◆ **REQUIRED WORK**:
All records must be quoted exactly. Omit the pictures.

+++ RECORDS SUPPLIED

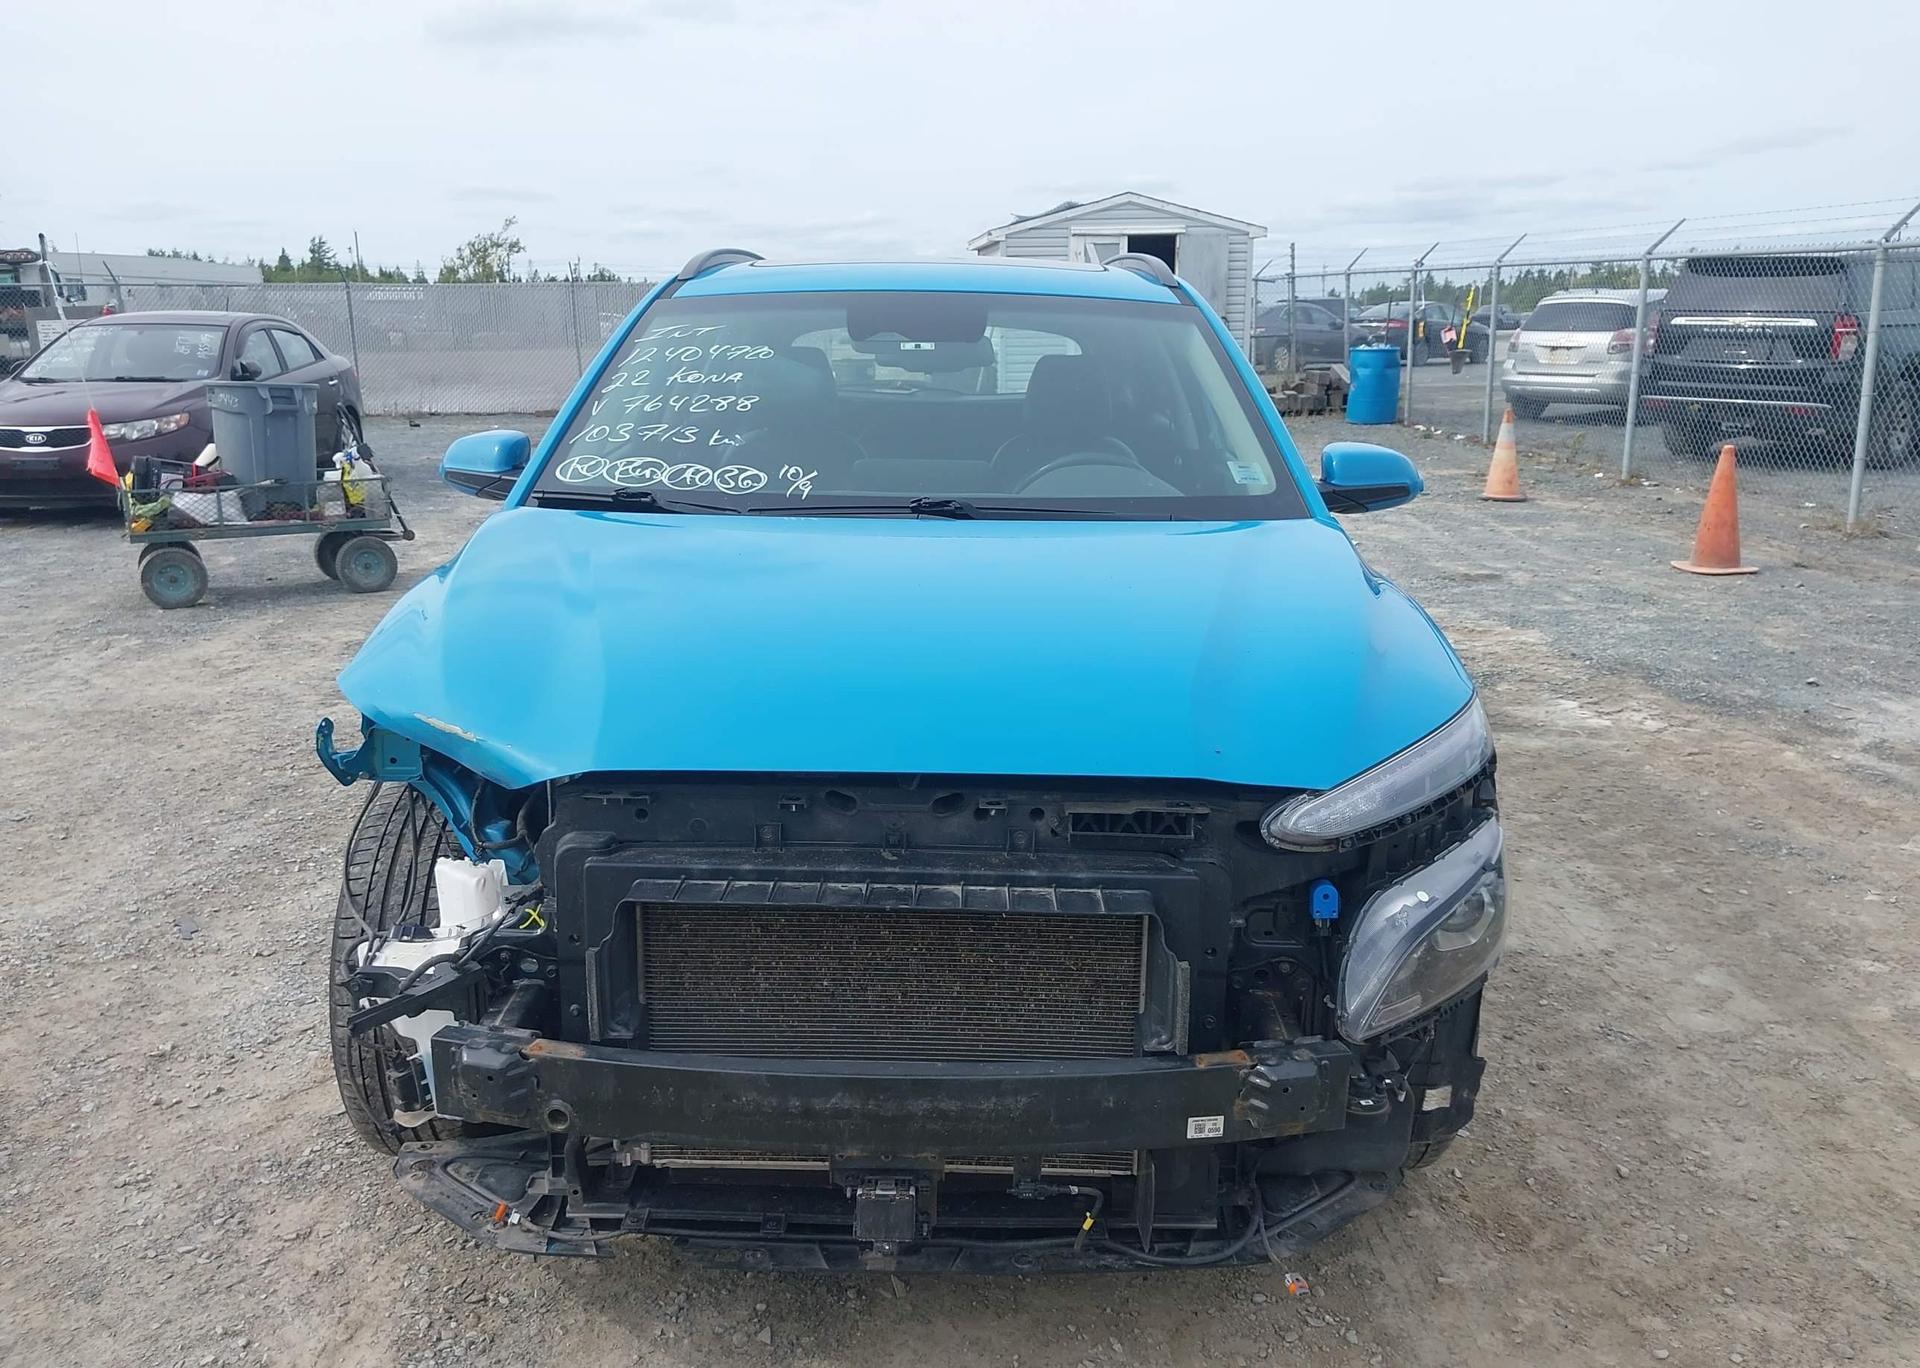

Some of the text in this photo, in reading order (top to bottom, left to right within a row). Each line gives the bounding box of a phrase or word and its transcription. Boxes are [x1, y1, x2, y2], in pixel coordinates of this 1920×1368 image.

[601, 366, 743, 393] 22 KONA
[622, 394, 760, 414] 764288
[28, 434, 44, 443] KIA
[569, 423, 699, 444] 103713

++++++

◆ **TASK ANSWER**:
Some of the text in this photo, in reading order (top to bottom, left to right within a row). Each line gives the bounding box of a phrase or word and its transcription. Boxes are [x1, y1, x2, y2], in pixel coordinates of this 1920×1368 image.

[601, 366, 743, 393] 22 KONA
[622, 394, 760, 414] 764288
[28, 434, 44, 443] KIA
[569, 423, 699, 444] 103713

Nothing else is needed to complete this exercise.